State Highlights: Ohio’s Infant Mortality Rate Drops Overall, But Rate For Black Babies Increases; Family Planning Services Cut At Milwaukee Clinic
Media outlets report on news from Ohio, Wisconsin, Michigan, Massachusetts, California, Utah and New Jersey.
Cleveland Plain Dealer:
Ohio Infant Deaths In 2017 Second Lowest On Record, Disparity Rises
Ohio’s infant mortality rate fell in 2017 with 42 fewer infant deaths overall than the previous year, according to a report released today by the Ohio Department of Health. It’s only the second time since the state started recording these statistics in the 1930’s that fewer than 1,000 Ohio babies died (the first time was in 2014). (Zeltner, 12/6)

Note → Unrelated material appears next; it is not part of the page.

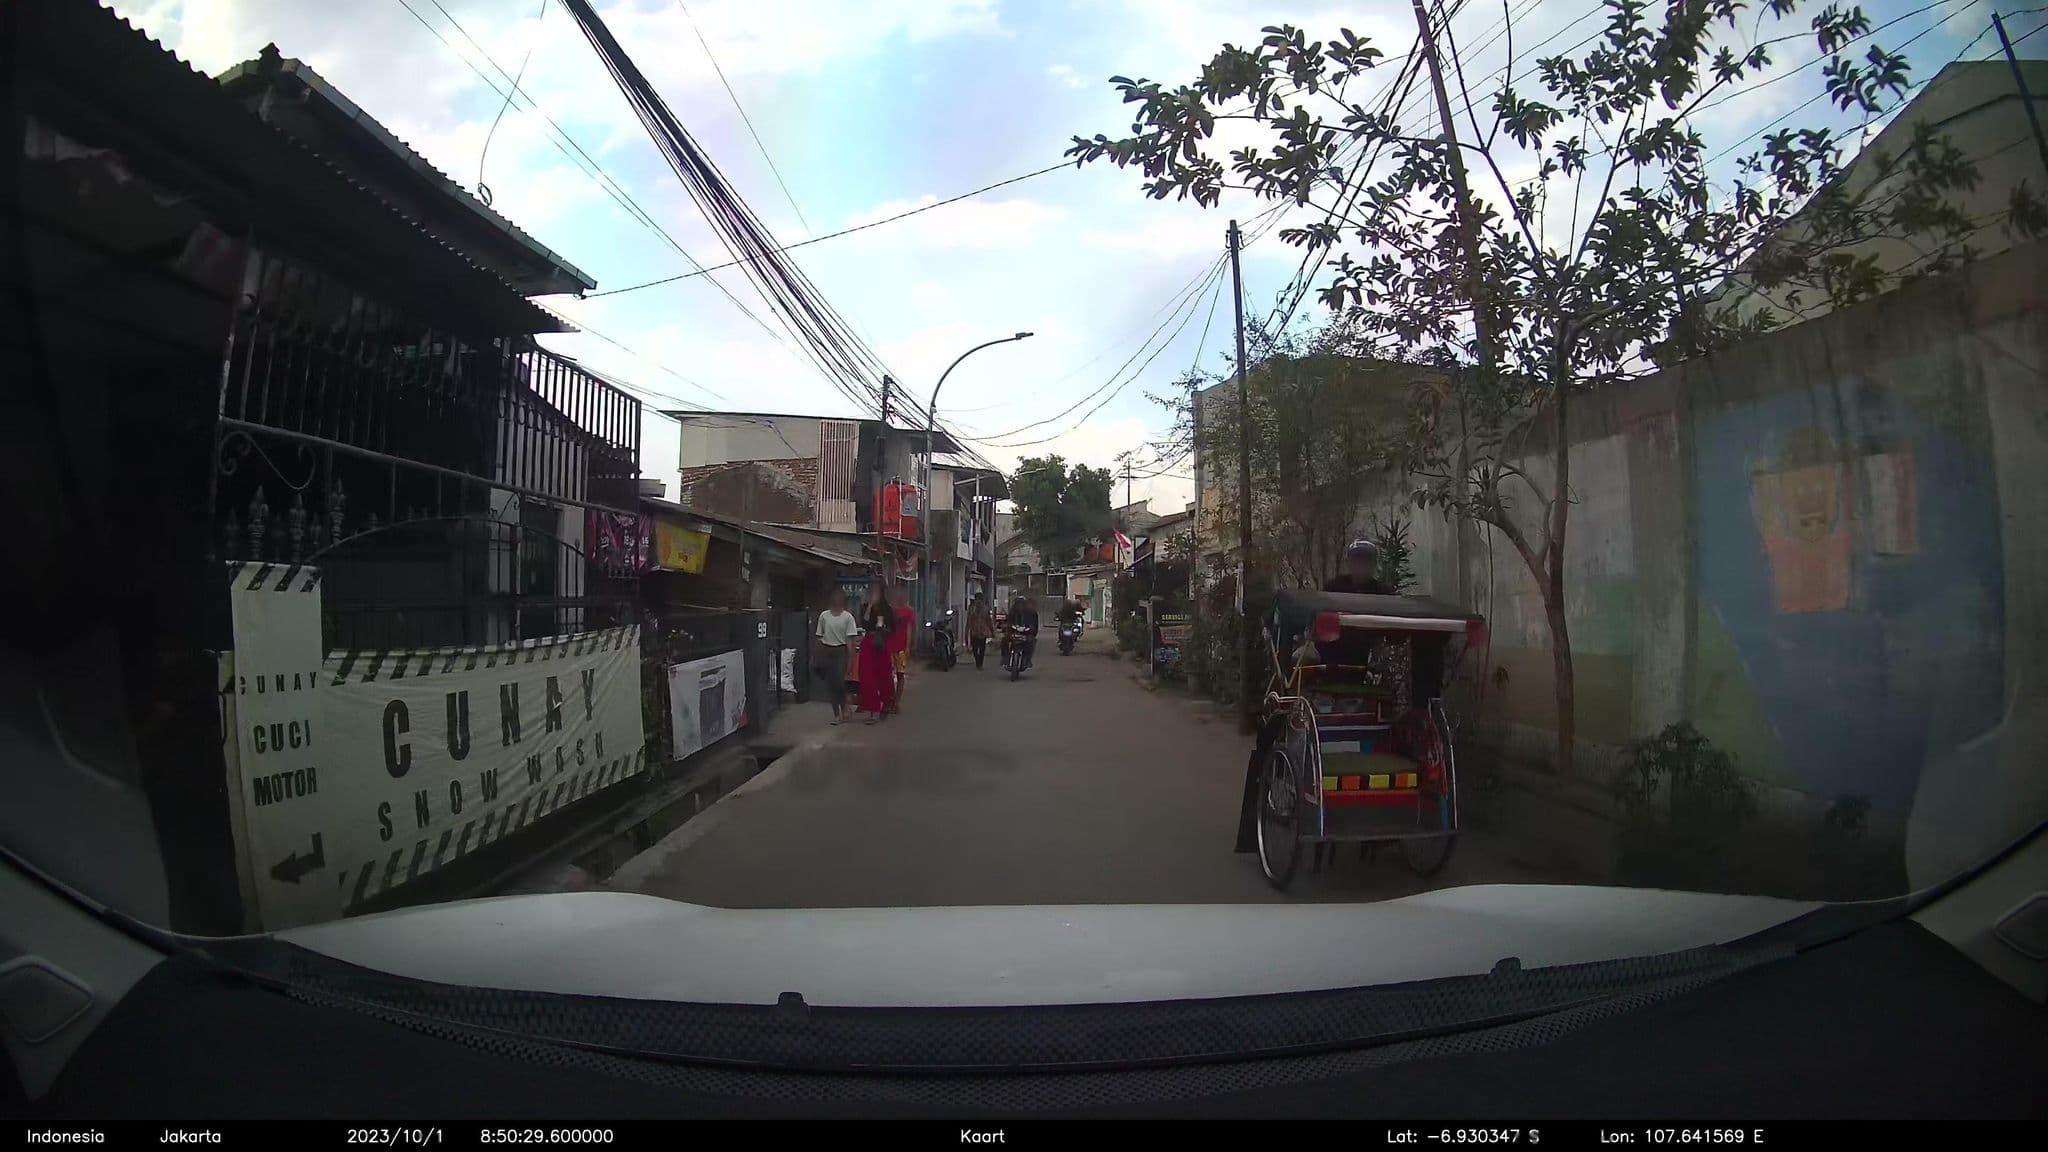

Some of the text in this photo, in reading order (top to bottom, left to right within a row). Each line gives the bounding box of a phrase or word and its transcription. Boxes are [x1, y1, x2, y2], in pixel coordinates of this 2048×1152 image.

Milwaukee Journal Sentinel:
Milwaukee Health Clinic Still Withholding Family Planning Services
Family planning is still not being offered at the city's Southside Health Center, nearly a year after the crucial service was disrupted. The Journal Sentinel first reported months ago that family planning services — as well as cancer screenings — overseen by the troubled Milwaukee Health Department had been interrupted. (Spicuzza, 12/6)
Detroit Free Press:
Feds: 6 Detroit Area Doctors Ran $500 Million Opioid Scam
In what federal prosecutors are calling one of the largest health care scams in U.S. history, six doctors from across Metro Detroit have been charged with running a $500 million opioid scheme out of Macomb County. The lead defendant is Dr. Rajendra Bothra, 77, a well-connected Bloomfield Hills surgeon, philanthropist and politician who owns the pain clinics at the center of the case: The Pain Center USA in Warren and Eastpointe; and Interventional Pain Center in Warren. (Baldas, 12/6)
Boston Globe:
Mass. Medical Marijuana Program To Be Overseen By Cannabis Control Commission
The Massachusetts medical marijuana program will transfer hands from one state agency to another later this month, giving the Cannabis Control Commission oversight of both recreational and medical marijuana programs in the state. Effective on Dec. 23, the commission will oversee the medical marijuana program, rather than the Department of Public Health, which has run the program since it started in 2014. (Gans, 12/6)
Stat:
A Nonprofit Wants To Test Pig Skin To Help Burn Victims Recover
Somewhere in North Grafton, Mass., lives a drove of remarkable miniature pigs. They’ve been specifically bred for more than 40 years to help save humans’ lives. In a few weeks, they’ll be put to the test for the first time. For years, scientists have sought some way to protect raw, burned flesh — and some think these pigs can help. Without something covering burned skin, a person’s body loses water and protein and is more vulnerable than usual to infection. (It also hurts like hell.) Pig skin is more available than human skin, the covering of choice. But due to concerns about pieces of an ancient virus that lurk in pigs’ DNA, it hadn’t been explored in a clinical trial. (Sheridan, 12/7)
CQ:
Supervised Injection Site Implementation Faces Uphill Climb
A growing number of cities are seeking to fight the opioid epidemic by providing people with an addiction a place to inject drugs with sterile needles, despite questions about the practice’s legality under federal law. The trend suggests a showdown with the Justice Department may come if one of these cities is able to pass legislation and find funding to open a supervised injection site, which could happen as soon as next year. (Raman, 12/7)
The New York Times:
‘A Witness That They Were Here’: Los Angeles Honors 1,457 Of Its Unclaimed Dead
They are the forgotten people of Los Angeles — 1,457 people, to be exact. Old, poor, homeless, babies born premature and abandoned. They may have died alone, but they were buried together, in a mass grave, and were honored together this week in an interfaith ceremony that has been an annual ritual in Los Angeles for more than a century. (Arango, 12/7)
The Associated Press:
Groups Sue To Block Medical Marijuana Compromise In Utah
A pair of advocacy groups in Utah sued Thursday to block a compromise agreement legalizing medical marijuana, accusing the Mormon church of unconstitutional domination and interference in a process that led to the gutting of a measure approved by voters. The lawsuit alleges the revised initiative creates overwhelming obstacles for suffering patients who want to obtain the drug. It also asks a judge to set aside the revision passed by lawmakers and keep the original version that won with 53 percent of the vote in November. (McCombs and Whitehurst, 12/6)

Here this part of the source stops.